Selective serotonin reuptake inhibitors  (SSRIs), as well as Serotonin and norepinephrine reuptake inhibitors (SSNRI) – the most commonly prescribed antidepressants – are popular choices of treatment for depression and anxiety, in part because they aren’t not supposed to be addictive.

The discontinuation of an SSRI or an SSNRI, however, can cause withdrawal symptoms extremely serious which are often so severe that people prefer to continue taking the medication to avoid suffering through them!

One of the most unbearable withdrawal symptoms that were reported is brain attacks (also called brain shivers, brain discharges, blows to the head, and electric shocks ). They tend to be seemingly undisturbed sensations of electricity that pass briefly through the brain. Some patients describe them as”a sudden jolt or buzzing in the brain ” or ” short bursts of white light mixed with dizziness.” Sometimes brain attacks are accompanied by vertigo, tinnitus, tension in the throat and nausea. Sometimes they are triggered by sudden movements of the eyes or head.

This side effect of SSRIs and SSNRI is rarely discussed in the medical literature. But it seems to make people who try to become independent of the drug feel that they have no choice but to continue taking the drug.

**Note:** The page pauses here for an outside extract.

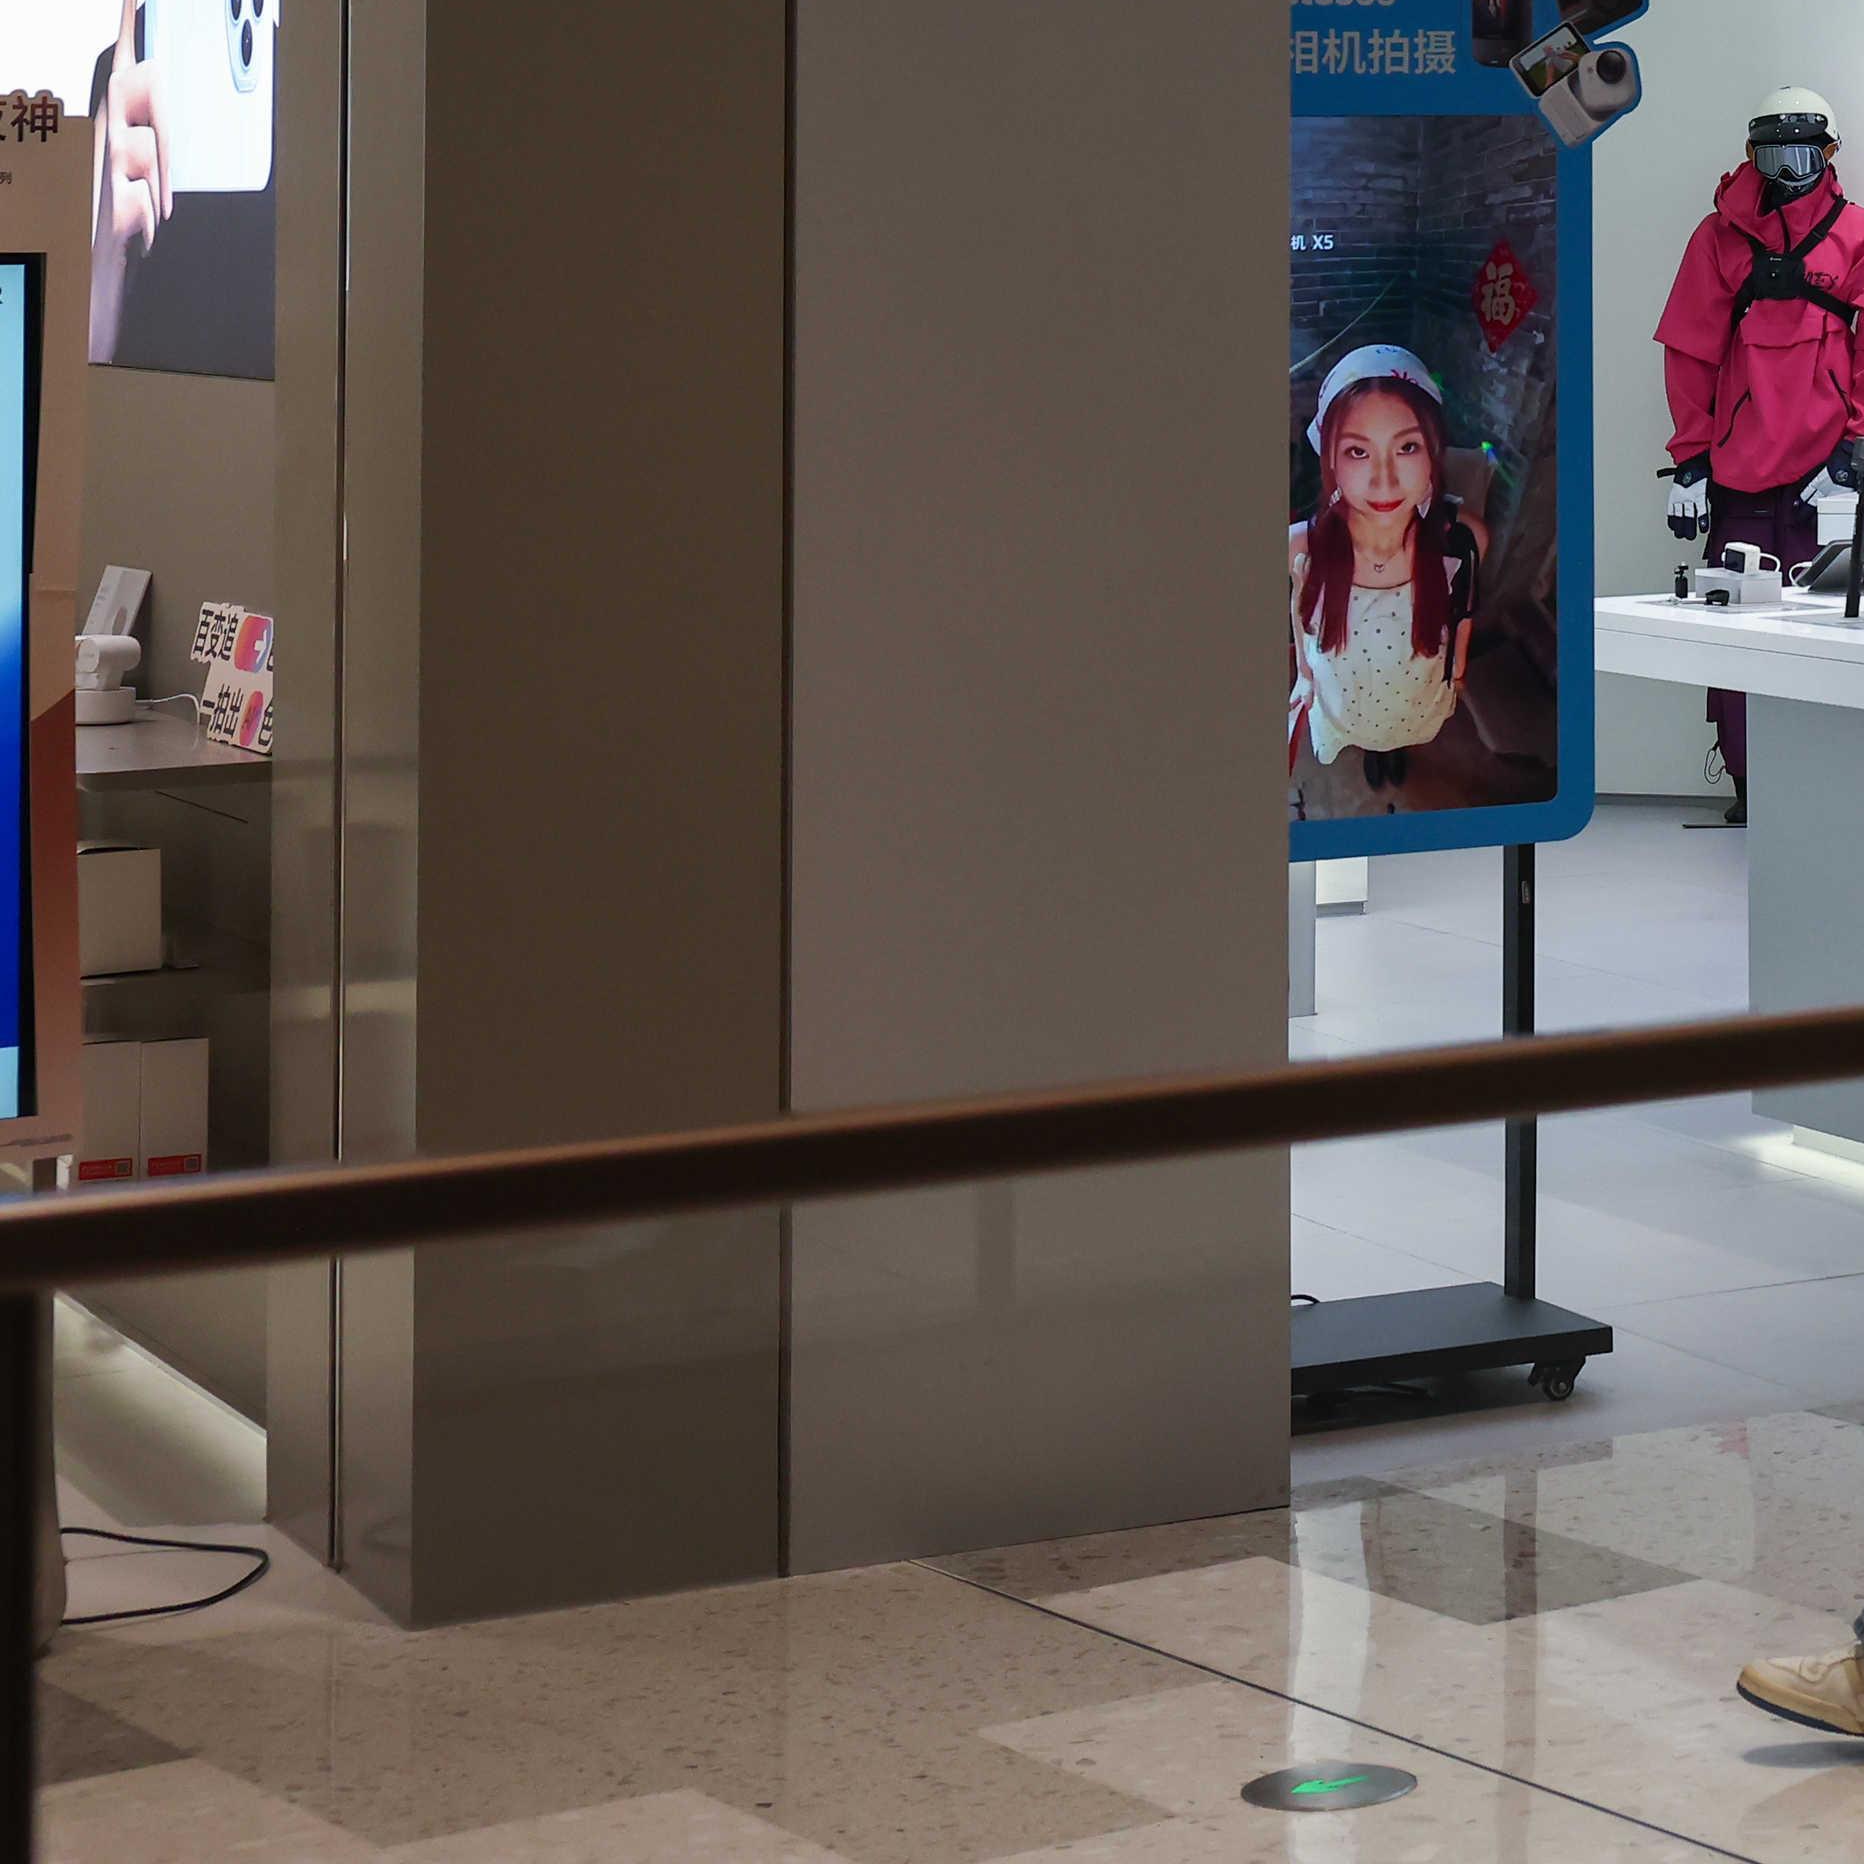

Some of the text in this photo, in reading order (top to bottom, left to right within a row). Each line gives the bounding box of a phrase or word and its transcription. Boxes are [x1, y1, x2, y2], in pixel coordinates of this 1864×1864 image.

There is no consensus on what causes the seizures after withdrawal of the SSRI or SSNRI. SSRI and SSNRI increase the activity levels of serotonin in the brain by blocking the serotonin transporter. But there is some reason to think that low levels of serotonin in the bathroom are not the primary condition for brain zaps.

One reason against this hypothesis is that people who have low levels of serotonin in the brain usually do not have brain attacks before taking SSRS or SSNRI (although there are reported exceptions).

Another reason against the serotonin hypothesis is that brain zaps have been reported when people discontinue the use of other drugs, such as benzodiazepines, which are used to relieve anxiety and muscle relaxation, and ADHD Adderall (amphetamine) medication and the illegal drug MDMA (ecstasy).

SSRIs increase serotonin by blocking a serotonin transporter. The main serotonin receptor involved in preventing depression and anxiety is the 5-HT1 receptor. Activity at this receptor site correlates with the increased activity of gamma-aminobutyric acid (GABA), the main brain-inhibiting neural activity and brain-calming activity.

Although the brain chemical GABA is an inhibitory (or “soothing”) chemical, the low levels of this chemical have been involved in a number of conditions, including anxiety, depression, movement disorders, and seizures.

Benzodiazepines, a group of medications that provide immediate relief from anxiety, work directly on GABA, increasing their availability in the brain. Adderall and MDMA may also increase GABA activity in some parts of the brain, mainly due to their increased serotonin available in the brain.

Because SSRIs, benzodiazepines, ecstasy, and Adderall was associated with an increase in the level of GABA in the brain, the interruption of these drugs is probably associated with levels in the brain low on GABA.

As low GABA levels can trigger seizures, this hypothesis leaves open the possibility that reported brain attacks may be cases of short, localized seizures.

Seizures are the result of an excess of excitement in a small isolated group of neurons. A seizure occurs when hyper-arousal of a small group of nerve cells spreads to larger brain regions. When most or all of the brain is too excited, brain neurons send signals to the body in an uncontrolled way. This can cause severe seizures and loss of consciousness.

In a minor seizure, the brain is able to prevent the spread of hyper-reactivity to larger areas of the brain. Although not yet confirmed empirically, the theoretical considerations considered above suggest that attacks brain after discontinuation of the SSRI, SSNRI, and benzodiazepines, as well as the withdrawal of Adderall and MDMA, can be convulsions, localized minor.